Según la investigación, el objeto distante 2015 BP519, que fue detectado en 2014 por Instituto de Tecnología de California (Caltech, por su acrónimo en inglés), podría tener el tamaño de un planeta enano. “No es una prueba de que el noveno planeta exista, pero yo diría que la presencia de un objeto como este en nuestro Sistema Solar refuerza la teoría [sobre el mismo]”, asegura David Gerdes, astrónomo de la Universidad de Michigan y coautor de dicho artículo.

Michael Brown, astrónomo del Caltech, dijo sentirse “eternamente optimista” ante la posibilidad de que alguien encuentre pronto dicho planeta, si bien los expertos aseguran que podría ser ‘invisible’ para los telescopios existentes en la actualidad.

“Podría estar en los helados bordes exteriores de nuestro Sistema Solar, escondiéndose en la oscuridad, pero sutilmente tirando de las cuerdas detrás de la escena”, sostiene la NASA, sugiriendo que “estira las órbitas de cuerpos distantes, tal vez incluso inclinando todo el Sistema Solar hacia un lado”.

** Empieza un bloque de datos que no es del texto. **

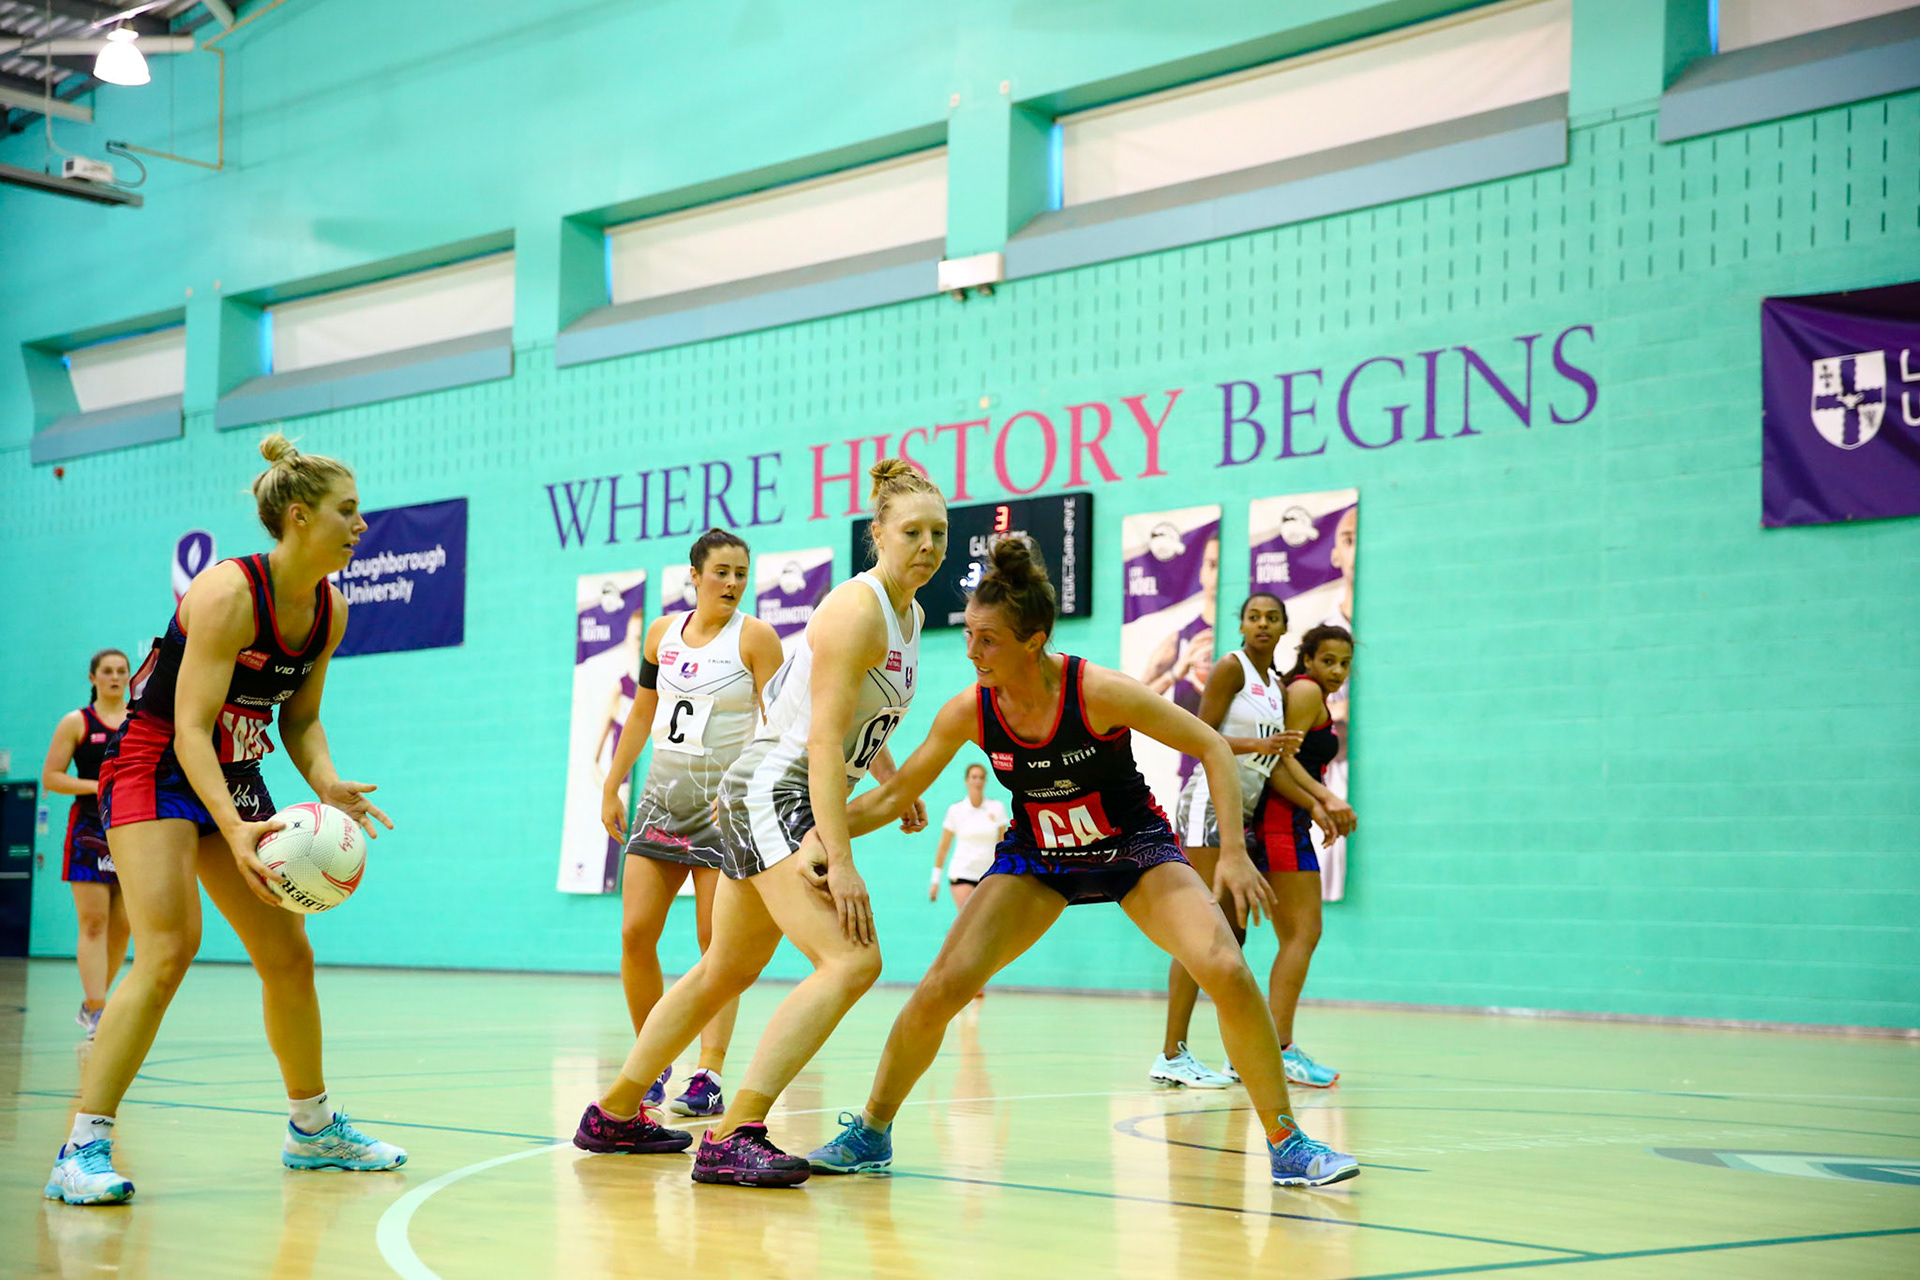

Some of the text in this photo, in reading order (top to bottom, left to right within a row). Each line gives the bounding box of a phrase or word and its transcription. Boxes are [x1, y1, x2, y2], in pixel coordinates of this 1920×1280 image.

[544, 453, 787, 551] WHERE
[1214, 325, 1599, 469] BEGINS
[994, 505, 1010, 532] 3
[342, 543, 447, 581] Loughborough
[343, 576, 415, 606] University
[667, 699, 694, 744] C
[1027, 786, 1081, 798] Strathclyde
[1038, 804, 1110, 849] GA

Según Surhud More, astrónomo de la Universidad de Tokio, “cada vez que tomamos una foto existe la posibilidad de que el noveno planeta esté en la toma”, declaró el pasado domingo a The Washington Post.

¿Un planeta fantasma?

Los investigadores detectaron un objeto rocoso distante que —sugieren— fue empujado a “una órbita extraordinaria” por la atracción gravitacional de un planeta desconocido. Según ellos, esto refuerza la teoría de que el planeta número nueve de nuestro Sistema Solar existe.

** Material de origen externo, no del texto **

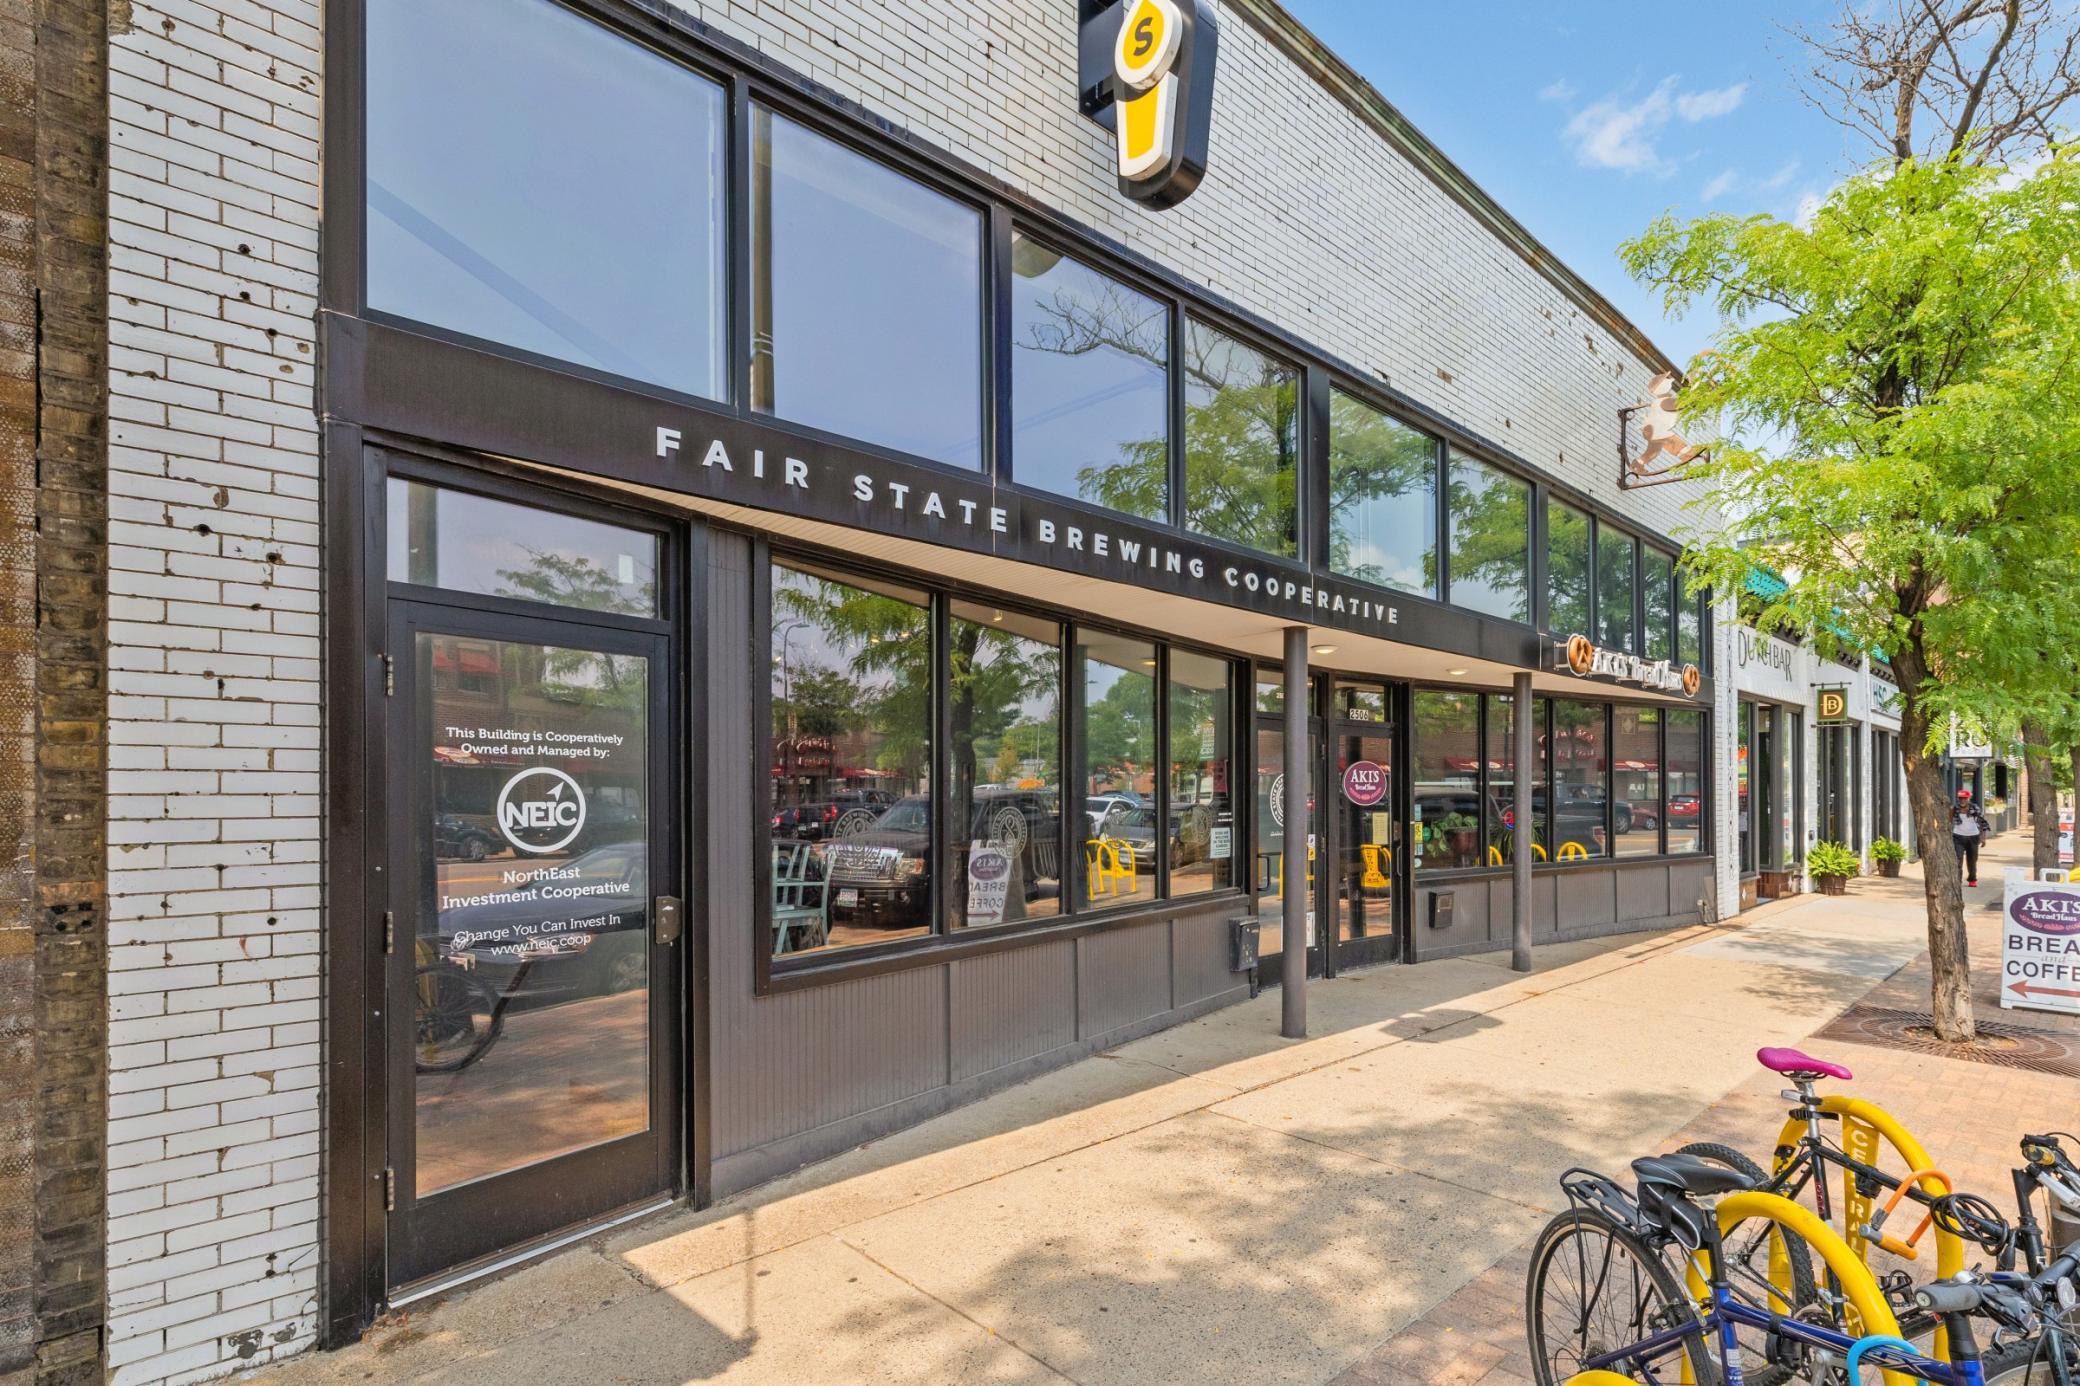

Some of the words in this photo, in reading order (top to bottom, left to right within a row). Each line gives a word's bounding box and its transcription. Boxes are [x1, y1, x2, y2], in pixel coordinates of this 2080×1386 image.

[1133, 16, 1154, 57] S
[656, 426, 809, 489] FAIR
[853, 474, 1008, 533] STATE
[1038, 519, 1204, 579] BREWING
[1224, 567, 1399, 625] COOPERATIVE
[1350, 709, 1368, 720] 2506
[445, 727, 475, 739] This
[478, 728, 530, 743] Building
[533, 730, 543, 741] is
[545, 731, 623, 746] Cooperatively
[461, 743, 508, 755] Owned
[511, 744, 535, 755] and
[537, 745, 591, 758] Managed
[594, 747, 610, 758] by:
[505, 801, 577, 828] NEIC
[502, 867, 581, 884] NorthEast
[442, 888, 537, 909] Investment
[541, 882, 630, 902] Cooperative
[454, 925, 509, 943] Change
[512, 922, 538, 936] You
[541, 920, 567, 933] Can
[570, 917, 606, 930] Invest
[609, 915, 621, 926] In
[490, 933, 592, 956] www.neic.coop
[1849, 1129, 1869, 1255] CERAL

El noveno planeta fue teorizado por un grupo de expertos del Caltech en 2016, a raíz del descubrimiento de una serie de objetos helados en los bordes del Sistema Solar que presentaban órbitas inclinadas. A raíz del hallazgo sugirieron que las órbitas de estos bultos de hielo, llamadas objetos transneptunianos (TNT), se deformaron por la atracción gravitacional de un noveno planeta en nuestro sistema planetario.

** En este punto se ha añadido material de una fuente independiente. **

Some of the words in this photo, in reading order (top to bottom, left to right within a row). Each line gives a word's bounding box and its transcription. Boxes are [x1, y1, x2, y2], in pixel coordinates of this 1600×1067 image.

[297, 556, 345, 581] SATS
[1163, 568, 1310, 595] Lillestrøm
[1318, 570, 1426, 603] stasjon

Los objetos tenían órbitas elípticas que apuntaban en la misma dirección y estaban inclinadas 30 grados “descendentes” en comparación con el plano en el que los planetas giran alrededor del Sol.

No obstante, la comunidad científica sigue sin tener pruebas suficientes para corroborar al cien por cien la existencia de dicho planeta, por lo que las investigaciones sobre este cuerpo celeste siguen activas. Entre las herramientas utilizadas se encuentra el telescopio Subaru, que está localizado en el Observatorio Mauna Kea en Hawái (EE.UU.).